------ Provided data ------

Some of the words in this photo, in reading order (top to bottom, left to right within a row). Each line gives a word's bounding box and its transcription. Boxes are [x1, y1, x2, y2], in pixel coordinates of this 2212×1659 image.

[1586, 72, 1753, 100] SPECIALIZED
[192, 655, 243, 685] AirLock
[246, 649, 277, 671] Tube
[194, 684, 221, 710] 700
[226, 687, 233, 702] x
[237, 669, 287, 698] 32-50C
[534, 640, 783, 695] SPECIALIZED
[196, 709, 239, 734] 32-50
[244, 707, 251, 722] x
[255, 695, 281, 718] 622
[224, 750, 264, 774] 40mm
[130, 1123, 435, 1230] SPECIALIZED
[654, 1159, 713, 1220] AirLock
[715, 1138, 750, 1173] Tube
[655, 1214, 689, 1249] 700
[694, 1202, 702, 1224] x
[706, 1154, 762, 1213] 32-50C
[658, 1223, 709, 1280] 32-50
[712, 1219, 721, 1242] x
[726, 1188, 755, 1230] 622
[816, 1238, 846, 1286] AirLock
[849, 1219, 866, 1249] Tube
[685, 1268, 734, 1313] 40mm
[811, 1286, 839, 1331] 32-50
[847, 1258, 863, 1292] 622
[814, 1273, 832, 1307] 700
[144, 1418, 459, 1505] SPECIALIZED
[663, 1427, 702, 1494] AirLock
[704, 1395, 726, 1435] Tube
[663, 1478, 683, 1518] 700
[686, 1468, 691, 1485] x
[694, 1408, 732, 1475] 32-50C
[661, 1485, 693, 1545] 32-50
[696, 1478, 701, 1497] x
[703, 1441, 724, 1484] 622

------

_Task goal_
For each record above, give it again without a single change.

_Task output_
Some of the words in this photo, in reading order (top to bottom, left to right within a row). Each line gives a word's bounding box and its transcription. Boxes are [x1, y1, x2, y2], in pixel coordinates of this 2212×1659 image.

[1586, 72, 1753, 100] SPECIALIZED
[192, 655, 243, 685] AirLock
[246, 649, 277, 671] Tube
[194, 684, 221, 710] 700
[226, 687, 233, 702] x
[237, 669, 287, 698] 32-50C
[534, 640, 783, 695] SPECIALIZED
[196, 709, 239, 734] 32-50
[244, 707, 251, 722] x
[255, 695, 281, 718] 622
[224, 750, 264, 774] 40mm
[130, 1123, 435, 1230] SPECIALIZED
[654, 1159, 713, 1220] AirLock
[715, 1138, 750, 1173] Tube
[655, 1214, 689, 1249] 700
[694, 1202, 702, 1224] x
[706, 1154, 762, 1213] 32-50C
[658, 1223, 709, 1280] 32-50
[712, 1219, 721, 1242] x
[726, 1188, 755, 1230] 622
[816, 1238, 846, 1286] AirLock
[849, 1219, 866, 1249] Tube
[685, 1268, 734, 1313] 40mm
[811, 1286, 839, 1331] 32-50
[847, 1258, 863, 1292] 622
[814, 1273, 832, 1307] 700
[144, 1418, 459, 1505] SPECIALIZED
[663, 1427, 702, 1494] AirLock
[704, 1395, 726, 1435] Tube
[663, 1478, 683, 1518] 700
[686, 1468, 691, 1485] x
[694, 1408, 732, 1475] 32-50C
[661, 1485, 693, 1545] 32-50
[696, 1478, 701, 1497] x
[703, 1441, 724, 1484] 622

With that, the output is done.